Peace Corps Volunteers Celebrate Earth Day

WASHINGTON, D.C. - Today, as Americans take time to clean up their local parks and neighborhoods as part of Earth Day, the more than 1,700 environmental and agriculture Peace Corps volunteers around the globe - on farms, in classrooms, and across rural communities - will also be doing their part to promote the importance of protecting the Earth worldwide.

"When you visit communities overseas, it doesn't take long to recognize the importance of ecological projects," said Peace Corps Director Gaddi H. Vasquez. "In many countries, the act of redesigning landfills or planting trees in new ways not only improves lives, but actually generates new economic opportunities that also revitalize an area."

The Peace Corps has one the largest environmental workforces of any international development agency, with 22 percent of the 7,733 volunteers' projects focused on environmental or agricultural projects in 40 countries. Volunteers work in a variety of areas such as teaching environmental education and conservation programs in schools and communities; instructing community members in the use of fuel-conservation; helping establish nurseries for orchards, windbreaks, live fencing, woodlots, and reforestation; and helping train staff to monitor and manage community natural resources.

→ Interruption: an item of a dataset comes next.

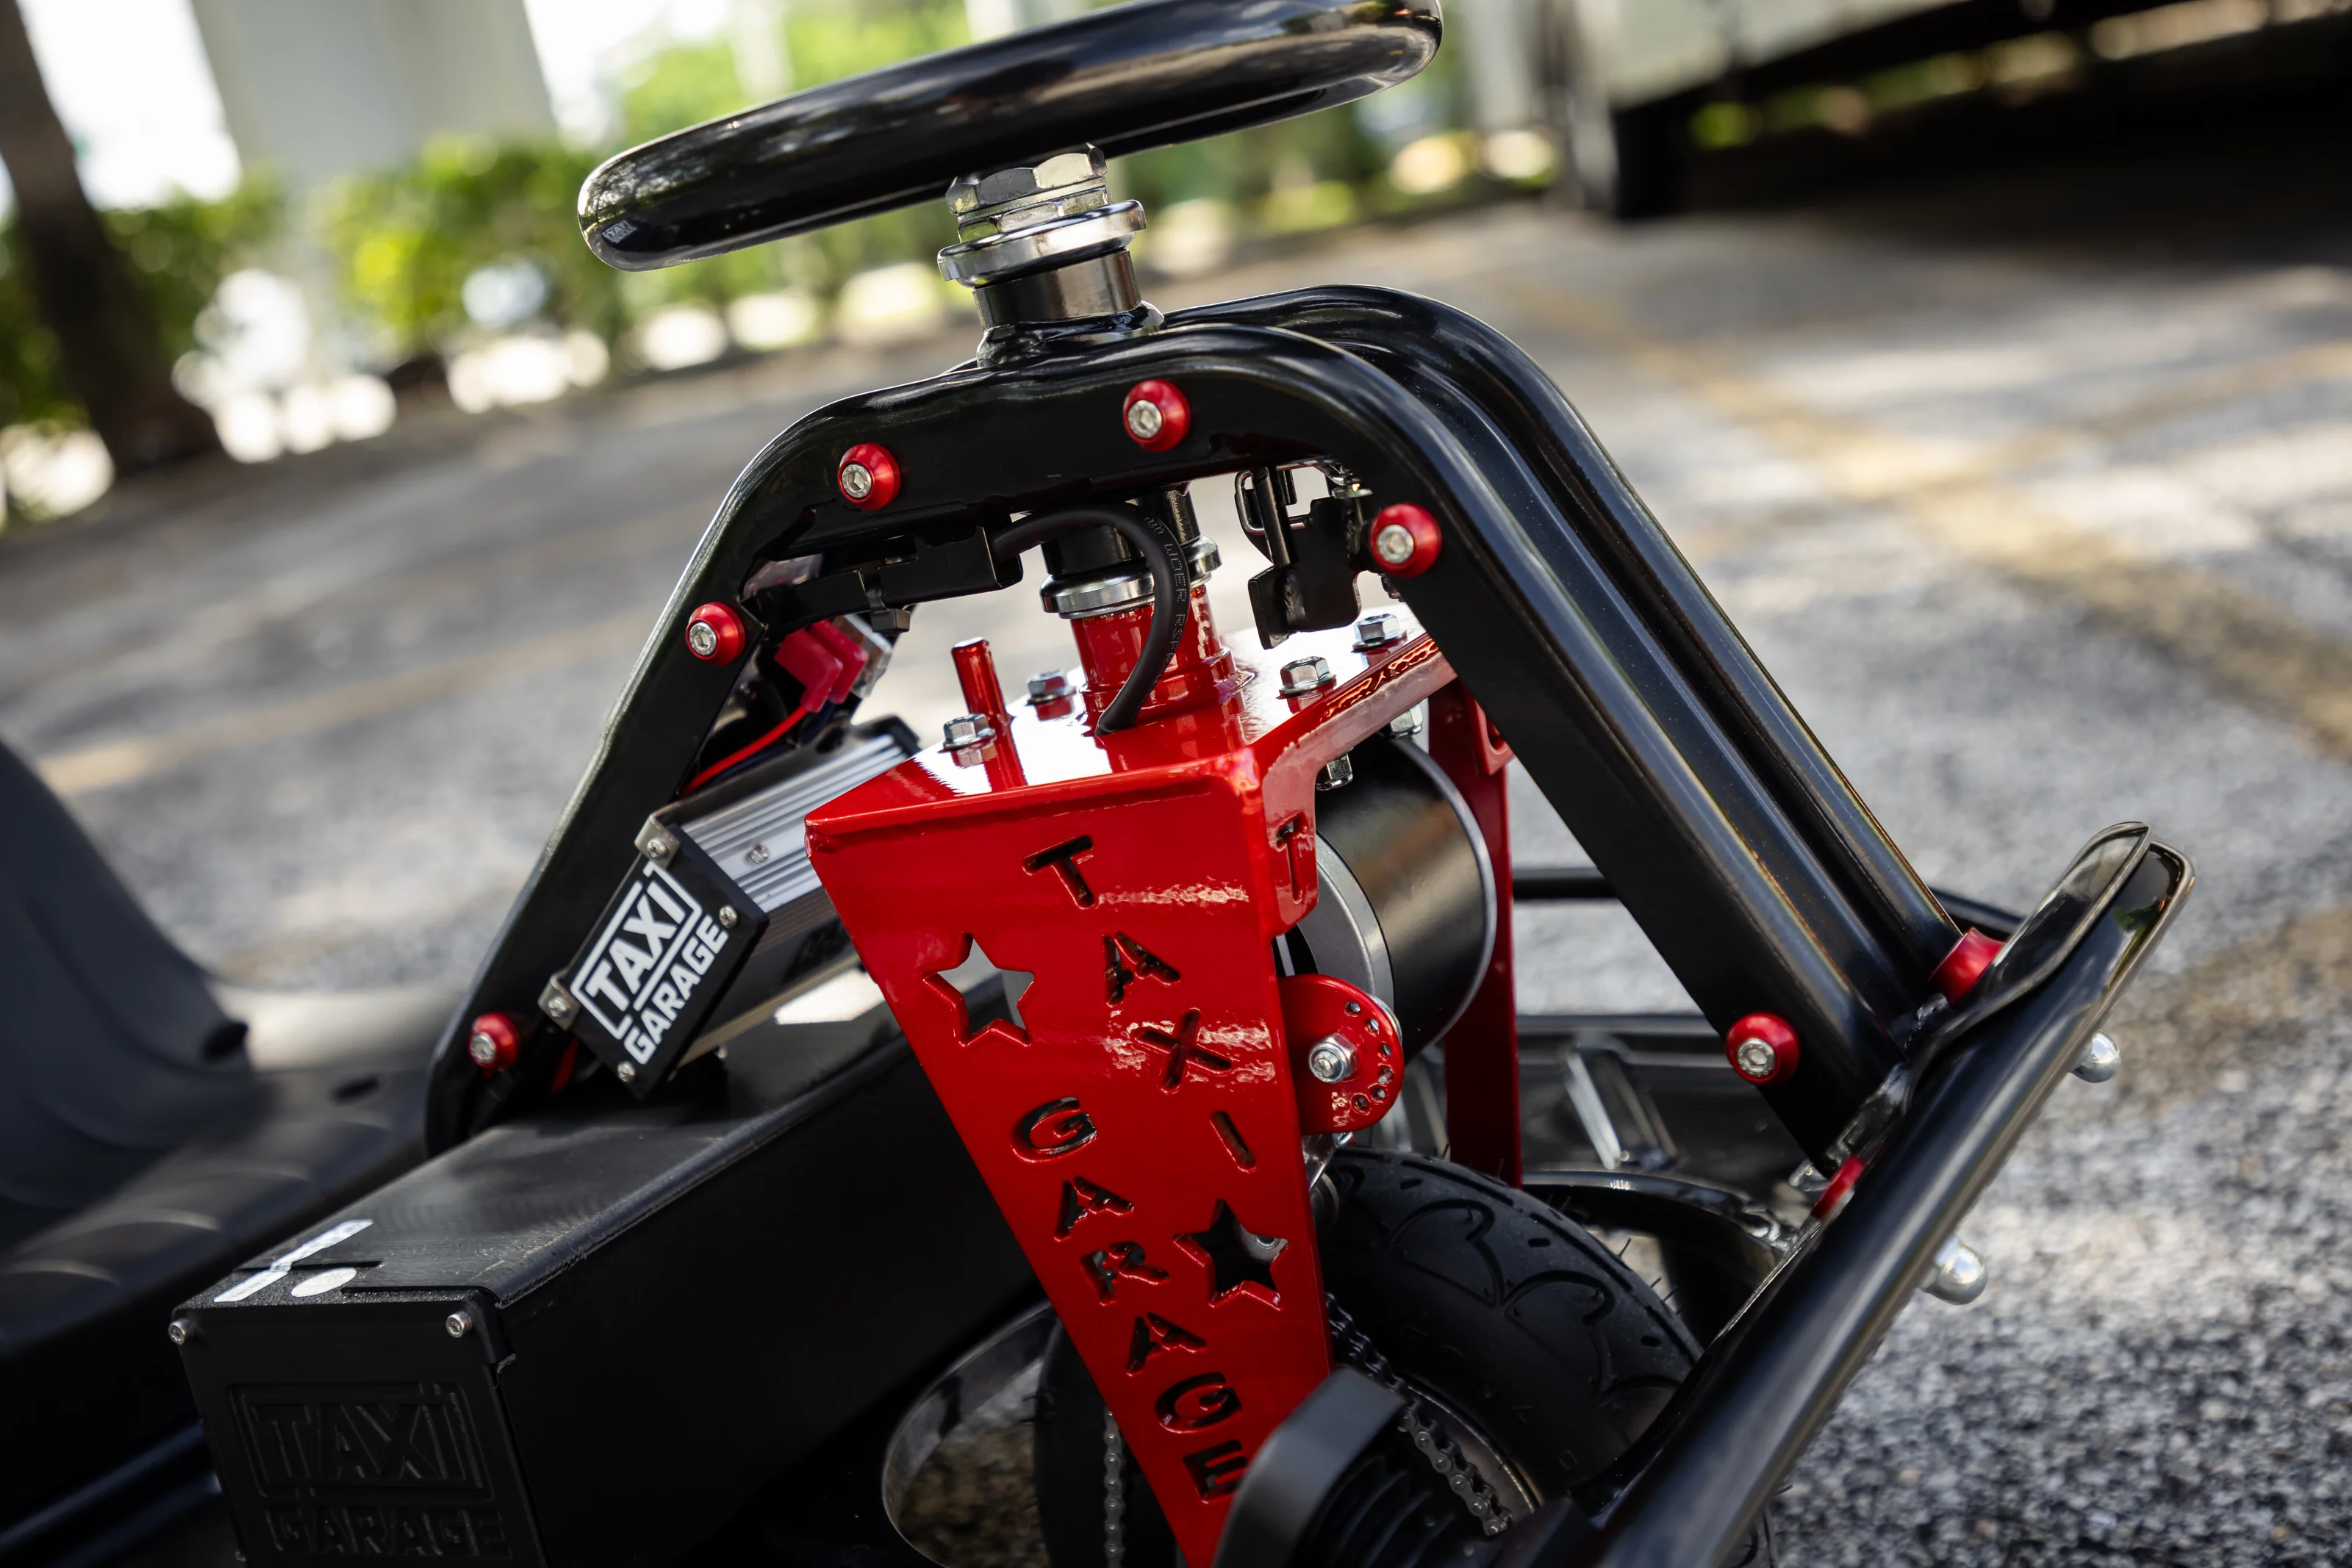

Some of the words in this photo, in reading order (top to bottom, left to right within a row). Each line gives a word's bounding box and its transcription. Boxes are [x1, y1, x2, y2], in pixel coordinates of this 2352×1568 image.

Volunteers also encourage ecotourism, provide environmental education development seminars, and help create alternative income projects. For example:

  • Jim Price, 55, of Stoneville, N.C., is working with a small group of rural farmers in Jamaica. Through his work as an environmental promoter, approximately 300 farmers and their families in this low-income area have been able to benefit from the group’s rural development project.
  • In the Dominican Republic, volunteers have helped plant more than 140,000 trees to establish a nursery that not only works to increase income for many farmers, but also helps conserve the soil.